ProcessTaggerG4Graph.C is a ROOT based script that allows to parse the output of a Geant4 simulation of the ePIC detector into ROOT tree containing data relevant to the object condensation method.
parseData.py allows to parse the output of ProcessTaggerG4Graph.C into tensorflow ragged arrays containing the hit information (X,Y position, layer, time, energy deposition, module) and the truth information (object ID, noise label, Px, Py, Pz, is quasi-real, is brehmsstralung).
Both steps are required to convert the Geant4 output into training data for the object condensation method.
Set of functions that allow to read in the training data, add inneficiencies or noise, combine several files into one to increase the number of events per file.
The scripts combine_events, add_efficiency_to_data, add_noise then use these functions.
Set of functions to make training and testing sets from the training data. Some normalisation is applied, variables such as energy deposition or time are removed, shuffle events so that hits from a same track aren't following each other, etc.
Note: The training and testing set are currently fixed sized arrays with some padding (all 0) added to the truth and hit ragged arrays created above. This is a shortcut due to not being able to find code for GNet layers that supports ragged arrays.
Code to calculate the tracking, momentum prediction and PID prediction metrics (eg tracking efficiency and purity).
Set of functions to make plots, plot_functions is mainly concerned with plotting the data (ie P, Theta, Phi, number of tracks per event etc). This is read in by the plot_data script.
plot_functions_trainTest has code to plot the efficiency and purity in various ways, or plotting the tracker, latent space etc...
Code to make track from hits using the object condensation model, or using the truth info to make true tracks. Used when testing the model.

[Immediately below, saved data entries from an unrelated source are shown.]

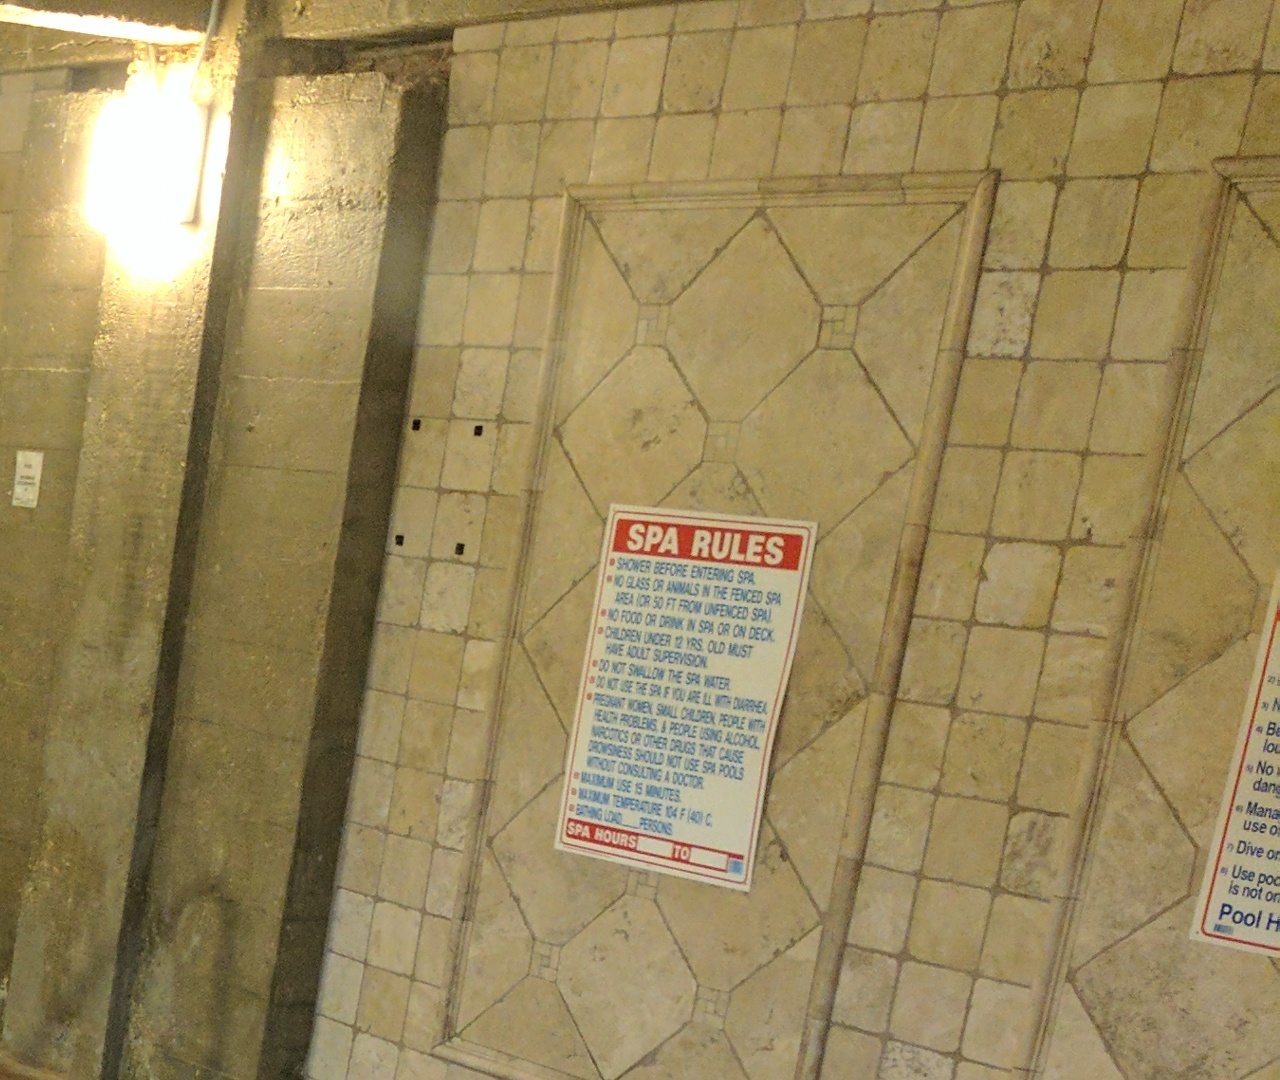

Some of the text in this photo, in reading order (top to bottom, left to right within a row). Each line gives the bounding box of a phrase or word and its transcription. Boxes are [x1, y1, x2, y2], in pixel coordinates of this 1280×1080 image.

[627, 522, 785, 565] SPA RULES
[616, 557, 756, 584] SHOWER BEFORE ENTERING SPA.
[627, 576, 650, 590] GLASS
[666, 580, 699, 596] ANIMALS
[730, 587, 762, 603] FENCED
[765, 591, 781, 605] SPA
[615, 591, 633, 605] AREA
[679, 599, 701, 614] FROM
[704, 602, 748, 620] UNFENCED
[621, 610, 642, 624] FOOD
[659, 615, 684, 630] DRINK
[698, 620, 713, 634] SPA
[749, 627, 775, 642] DECK.
[605, 626, 641, 642] CHILDREN
[644, 631, 670, 647] UNDER
[707, 640, 724, 654] OLD
[727, 643, 753, 658] MUST
[605, 642, 623, 655] HAVE
[626, 645, 649, 659] ADULT
[628, 663, 664, 680] SWALLOW
[670, 687, 685, 701] YOU
[715, 694, 731, 708] WITH
[593, 693, 624, 709] PREGNANT
[656, 703, 678, 718] SMALL
[718, 713, 745, 729] PEOPLE
[748, 718, 765, 732] WITH
[594, 709, 617, 724] HEALTH
[669, 722, 696, 738] PEOPLE
[700, 727, 722, 743] USING
[591, 725, 628, 742] NARCOTICS
[643, 734, 667, 749] OTHER
[670, 739, 696, 755] DRUGS
[698, 744, 714, 758] THAT
[718, 747, 744, 763] CAUSE
[586, 755, 614, 772] WITHOUT
[617, 761, 662, 781] CONSULTING
[635, 748, 663, 765] SHOULD
[666, 754, 681, 768] NOT
[684, 757, 699, 772] USE
[718, 764, 743, 780] POOLS
[1256, 761, 1274, 776] No
[581, 771, 614, 789] MAXIMUM
[578, 787, 609, 805] MAXIMUM
[612, 794, 661, 815] TEMPERATURE
[1243, 820, 1267, 833] use
[566, 821, 689, 860] SPA HOURS TO
[1237, 840, 1264, 858] Dive
[1232, 865, 1255, 882] Use
[1229, 880, 1240, 895] is
[1242, 886, 1263, 900] not
[1218, 903, 1262, 928] Pool
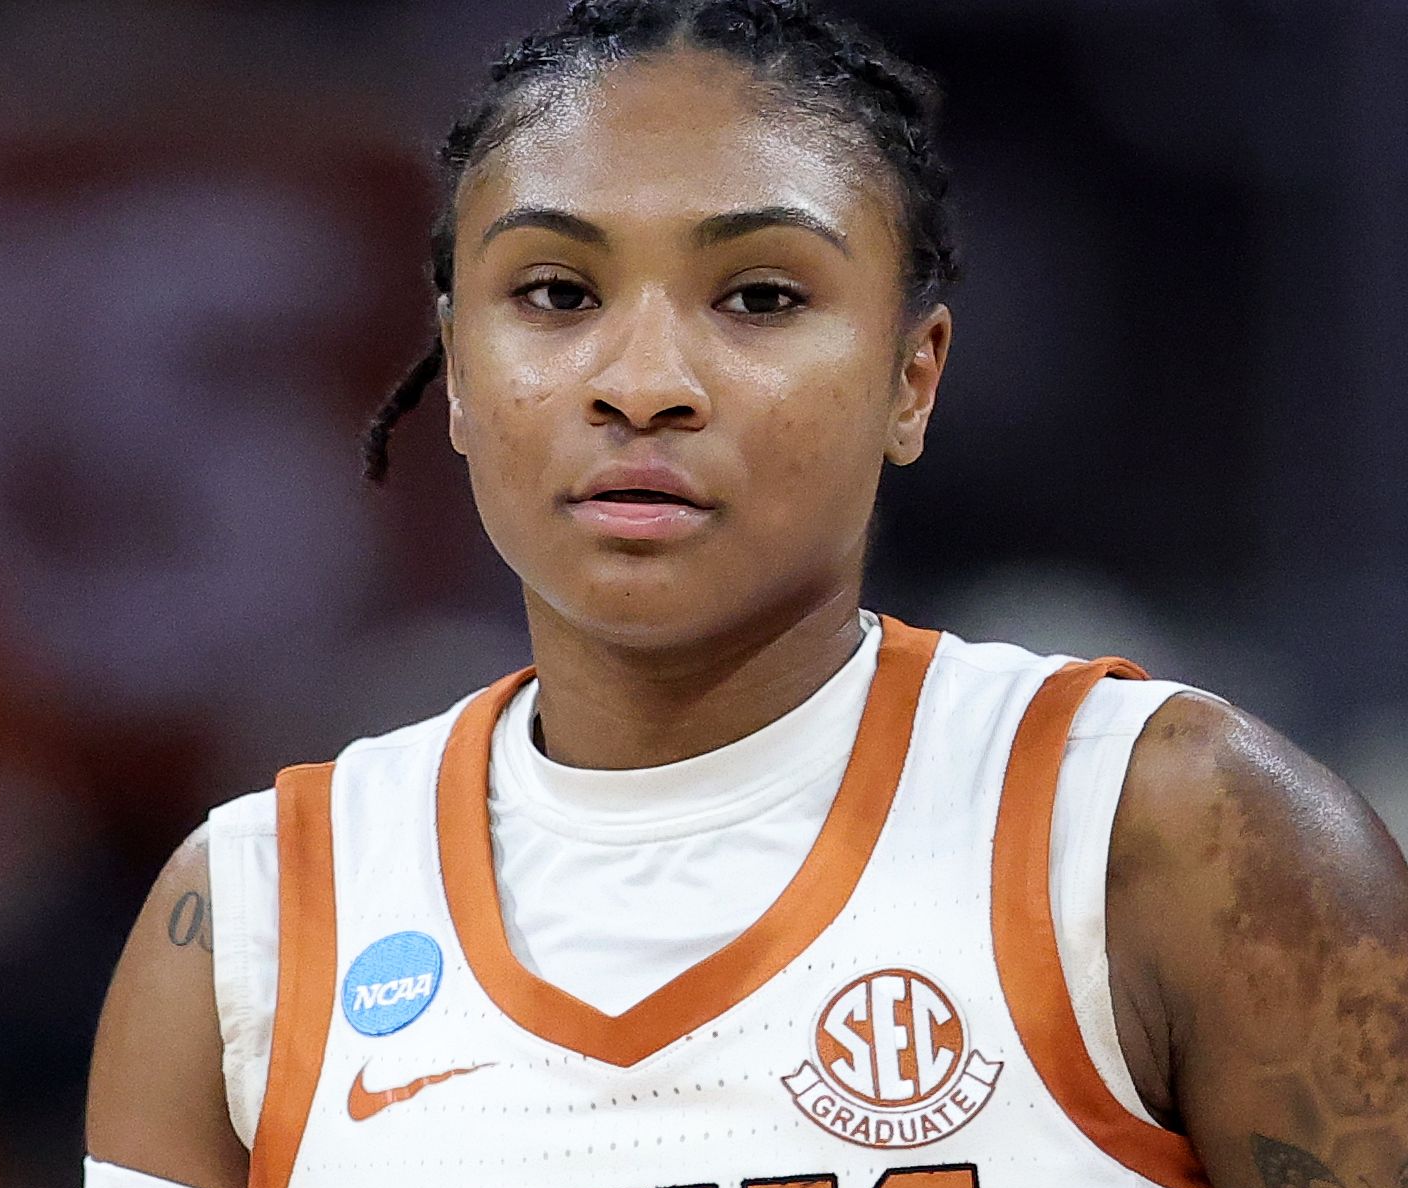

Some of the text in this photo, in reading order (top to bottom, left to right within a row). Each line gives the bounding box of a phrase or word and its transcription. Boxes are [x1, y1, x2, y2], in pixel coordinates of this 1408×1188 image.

Code to define the model architecture and load a model from saved files. Note that to load a saved model you need to know the model architecture. Note also that you will have to change the input size if you change the padding in the training data.
Code taken from https://github.com/jkiesele/SOR for the implementation of GNet layers. Please give credit where credit is due.

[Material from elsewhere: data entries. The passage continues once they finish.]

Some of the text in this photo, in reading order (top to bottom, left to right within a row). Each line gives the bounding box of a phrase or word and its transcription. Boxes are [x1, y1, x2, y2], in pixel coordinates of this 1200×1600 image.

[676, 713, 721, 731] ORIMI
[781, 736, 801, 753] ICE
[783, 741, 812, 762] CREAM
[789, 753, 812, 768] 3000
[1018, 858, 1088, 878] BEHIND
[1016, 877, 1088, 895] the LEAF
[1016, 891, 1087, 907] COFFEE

Code adapted from https://github.com/jkiesele/SOR to calculate the object condensation loss. Note that if you want to add PID or momentum prediction you need to scroll to the bottom of this file and change the loss that is outputted.
Code to train the object condensation model, read in by object_condensation_main. Will also test the model as a function of epoch. Note that we train in batches of epochs (ie 15 batches of 40 epochs). The trained model will be saved at each batch to a directory called models
Code to apply some tests to a trained model (eg metrics as a function of the number of noise hits per event). Read in by object_condensation_mainTesting.
Some saved models.
_combinedEvents_wInEff_noised uses the output of the combine_events, add_efficiency_toData and add_noise_toData scripts. Recommend ep 4.
The file environment_multiPlatform.yml contains the list of dependencies, with the file environment.yml specifying the version. You can try creating your own conda environment from these files using conda env create -f environment.yml. Pay special attention to the tensorflow-gpu version (2.2.0).